*Task details*
Reproduce all of the data word for word.
**** Source material ****
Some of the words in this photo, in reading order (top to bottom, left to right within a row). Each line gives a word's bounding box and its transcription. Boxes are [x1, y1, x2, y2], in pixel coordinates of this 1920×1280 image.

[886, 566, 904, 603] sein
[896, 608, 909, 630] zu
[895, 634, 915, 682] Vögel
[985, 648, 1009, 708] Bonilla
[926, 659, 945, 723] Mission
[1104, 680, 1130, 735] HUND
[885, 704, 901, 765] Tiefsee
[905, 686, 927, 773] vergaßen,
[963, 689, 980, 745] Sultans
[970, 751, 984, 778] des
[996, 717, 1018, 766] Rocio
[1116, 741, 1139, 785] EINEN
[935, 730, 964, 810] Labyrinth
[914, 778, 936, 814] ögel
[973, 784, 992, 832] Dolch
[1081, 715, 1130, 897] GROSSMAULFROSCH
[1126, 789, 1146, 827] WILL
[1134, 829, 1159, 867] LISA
****
*Answer for this exercise*
Some of the words in this photo, in reading order (top to bottom, left to right within a row). Each line gives a word's bounding box and its transcription. Boxes are [x1, y1, x2, y2], in pixel coordinates of this 1920×1280 image.

[886, 566, 904, 603] sein
[896, 608, 909, 630] zu
[895, 634, 915, 682] Vögel
[985, 648, 1009, 708] Bonilla
[926, 659, 945, 723] Mission
[1104, 680, 1130, 735] HUND
[885, 704, 901, 765] Tiefsee
[905, 686, 927, 773] vergaßen,
[963, 689, 980, 745] Sultans
[970, 751, 984, 778] des
[996, 717, 1018, 766] Rocio
[1116, 741, 1139, 785] EINEN
[935, 730, 964, 810] Labyrinth
[914, 778, 936, 814] ögel
[973, 784, 992, 832] Dolch
[1081, 715, 1130, 897] GROSSMAULFROSCH
[1126, 789, 1146, 827] WILL
[1134, 829, 1159, 867] LISA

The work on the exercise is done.